---------- Raw data

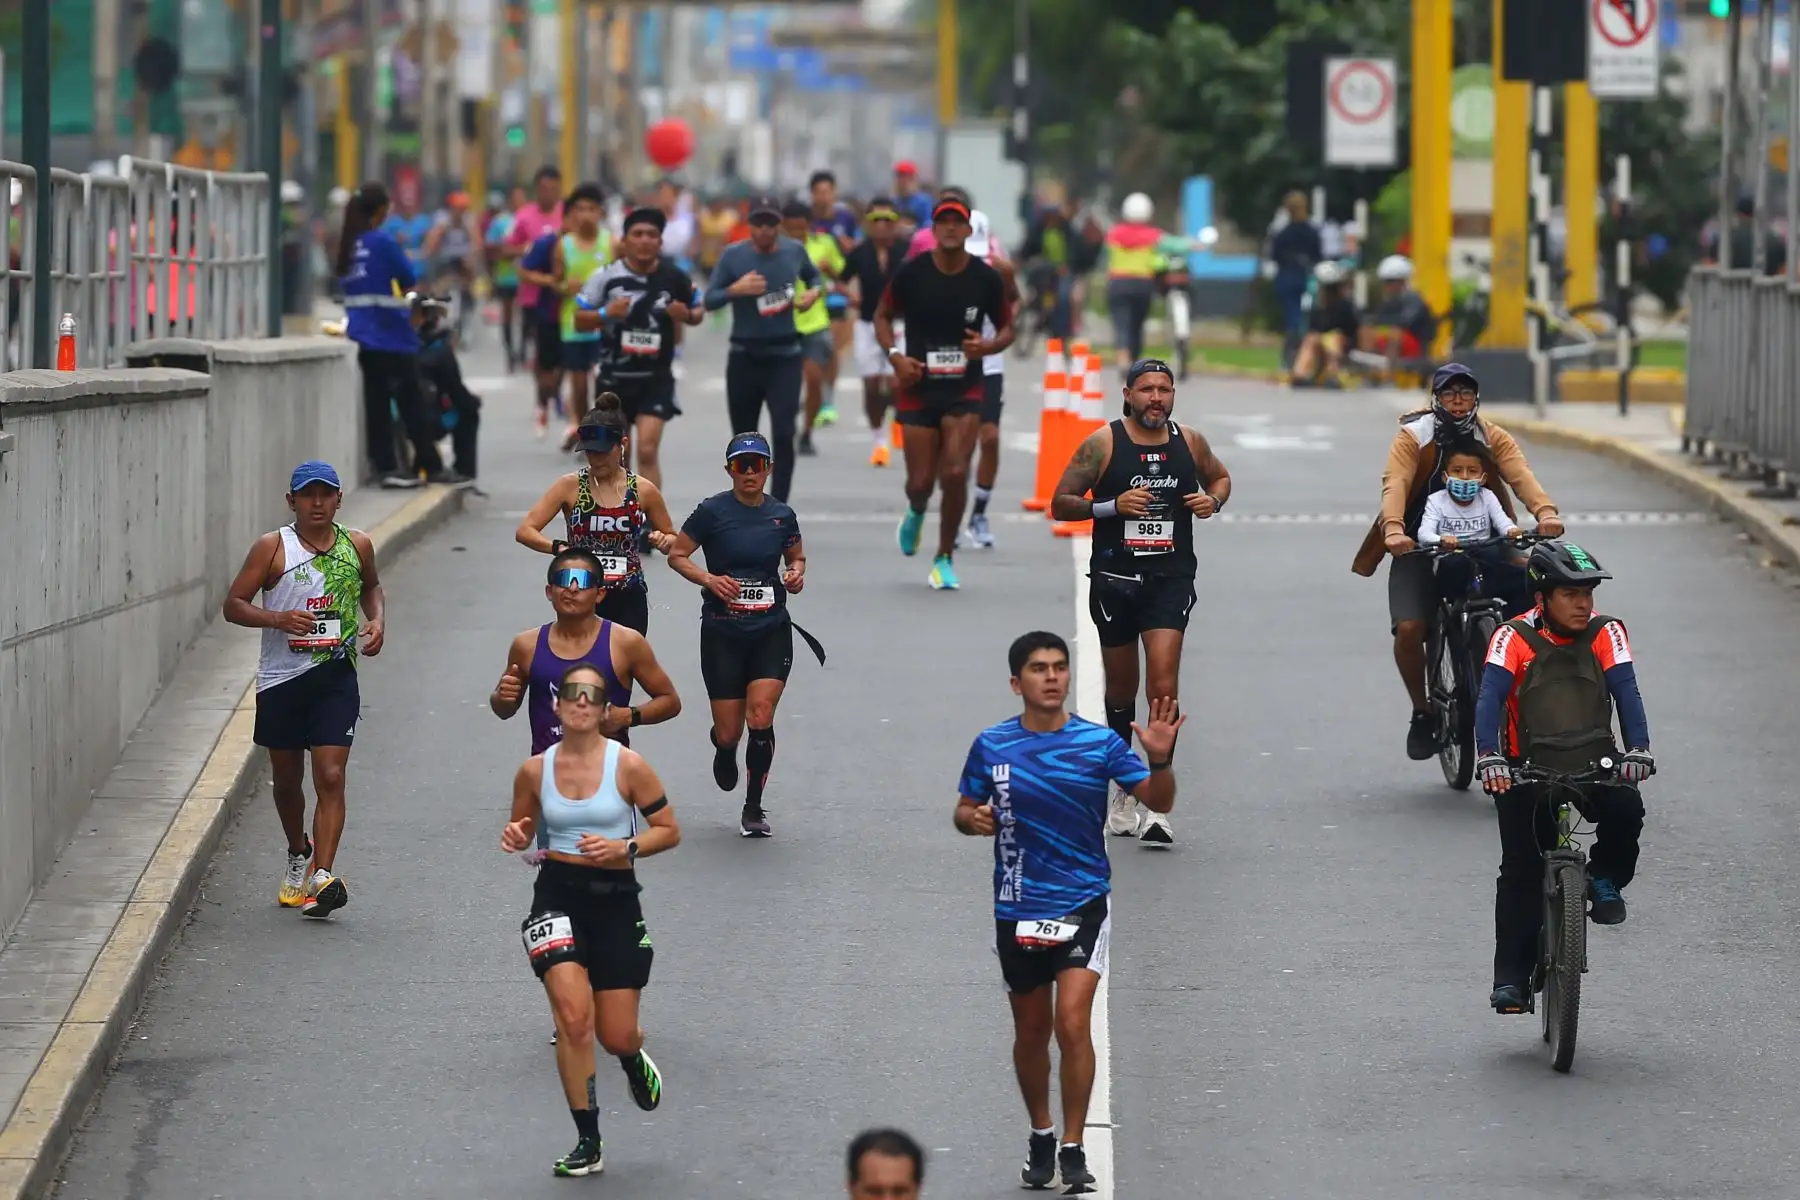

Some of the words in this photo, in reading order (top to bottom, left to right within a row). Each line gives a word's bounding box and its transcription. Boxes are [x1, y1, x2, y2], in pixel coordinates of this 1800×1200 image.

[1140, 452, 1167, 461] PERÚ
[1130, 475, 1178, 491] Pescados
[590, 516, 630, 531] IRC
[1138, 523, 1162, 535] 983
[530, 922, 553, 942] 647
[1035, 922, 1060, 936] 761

--------------------

• Work instruction: The entries above need an exact copy without their pictures.

• Solution to this task:
Some of the words in this photo, in reading order (top to bottom, left to right within a row). Each line gives a word's bounding box and its transcription. Boxes are [x1, y1, x2, y2], in pixel coordinates of this 1800×1200 image.

[1140, 452, 1167, 461] PERÚ
[1130, 475, 1178, 491] Pescados
[590, 516, 630, 531] IRC
[1138, 523, 1162, 535] 983
[530, 922, 553, 942] 647
[1035, 922, 1060, 936] 761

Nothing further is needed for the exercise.